Brief: Since only a count is wanted, work out how many lines in the material below contain the word "Complete" and return that number.

Provided material:

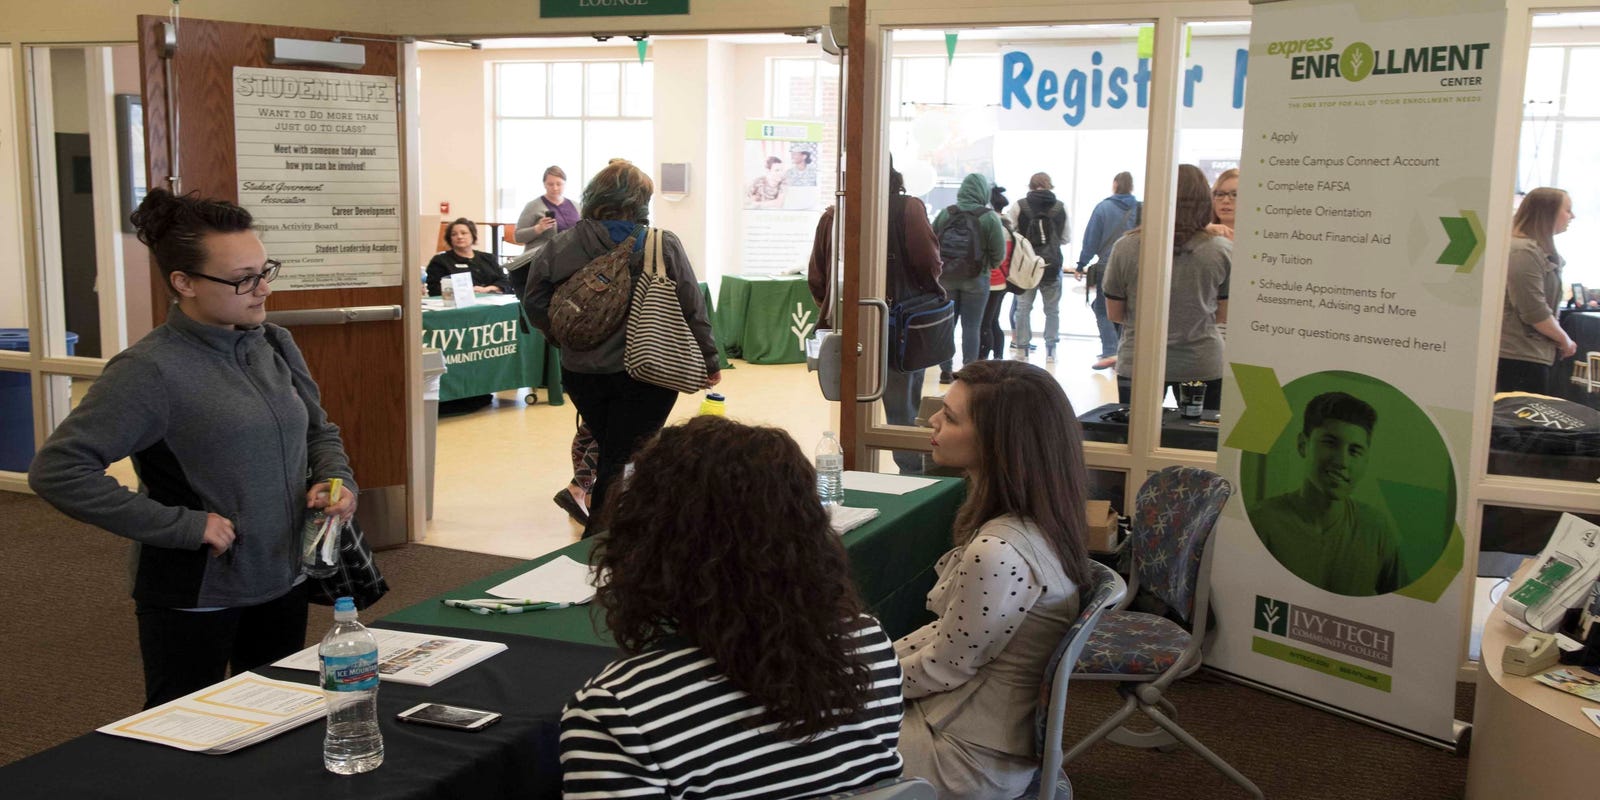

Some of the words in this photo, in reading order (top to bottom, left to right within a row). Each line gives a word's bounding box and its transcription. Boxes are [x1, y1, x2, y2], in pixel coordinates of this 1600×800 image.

[1267, 36, 1334, 58] express
[236, 73, 342, 101] STUDENT
[344, 79, 389, 103] LIFE
[1440, 76, 1482, 87] CENTER
[1001, 51, 1203, 127] Registr
[258, 108, 290, 118] WANT
[294, 110, 306, 119] TO
[310, 110, 323, 119] DO
[327, 112, 353, 120] MORE
[356, 113, 379, 121] THAN
[275, 122, 301, 131] JUST
[304, 124, 317, 132] GO
[320, 124, 332, 132] TO
[335, 124, 367, 133] CLASS?
[1270, 132, 1298, 144] Apply
[274, 143, 292, 155] Meet
[293, 145, 309, 156] with
[310, 147, 340, 156] someone
[341, 146, 359, 158] today
[360, 147, 377, 156] about
[285, 160, 300, 170] how
[301, 162, 314, 172] you
[315, 162, 327, 171] can
[328, 161, 337, 171] be
[338, 161, 366, 171] involved!
[1268, 156, 1300, 167] Create
[1302, 155, 1344, 168] Campus
[1346, 156, 1390, 167] Connect
[1393, 156, 1440, 167] Account
[242, 181, 274, 191] Student
[275, 182, 324, 194] Government
[1266, 180, 1314, 193] Complete
[1317, 181, 1351, 191] FAFSA
[260, 195, 307, 204] Association
[331, 206, 354, 216] Career
[355, 207, 396, 217] Development
[1265, 205, 1313, 217] Complete
[1315, 205, 1372, 218] Orientation
[281, 223, 312, 231] Activity
[314, 222, 338, 230] Board
[1263, 229, 1289, 240] Learn
[1291, 230, 1323, 242] About
[1325, 232, 1368, 244] Financial
[1370, 234, 1391, 245] Aid
[315, 245, 340, 254] Student
[340, 244, 371, 253] Leadership
[373, 243, 398, 252] Academy
[1261, 252, 1278, 265] Pay
[1280, 253, 1312, 265] Tuition
[1259, 279, 1302, 292] Schedule
[1305, 282, 1377, 299] Appointments
[1380, 288, 1397, 299] for
[1256, 293, 1315, 308] Assessment,
[1318, 299, 1361, 314] Advising
[1363, 304, 1385, 314] and
[1388, 305, 1417, 317] More
[431, 328, 466, 350] IVY
[469, 320, 517, 348] TECH
[1250, 320, 1269, 333] Get
[1271, 325, 1295, 336] your
[1297, 328, 1351, 342] questions
[1353, 333, 1411, 349] answered
[1413, 338, 1447, 353] here!
[447, 350, 484, 364] MMUNITY
[483, 344, 517, 358] COLLEGE
[1294, 610, 1328, 633] IVY
[1332, 621, 1389, 652] TECH
[1292, 626, 1350, 650] COMMUNITY
[1350, 644, 1389, 661] COLLEGE

Exercise answer: 2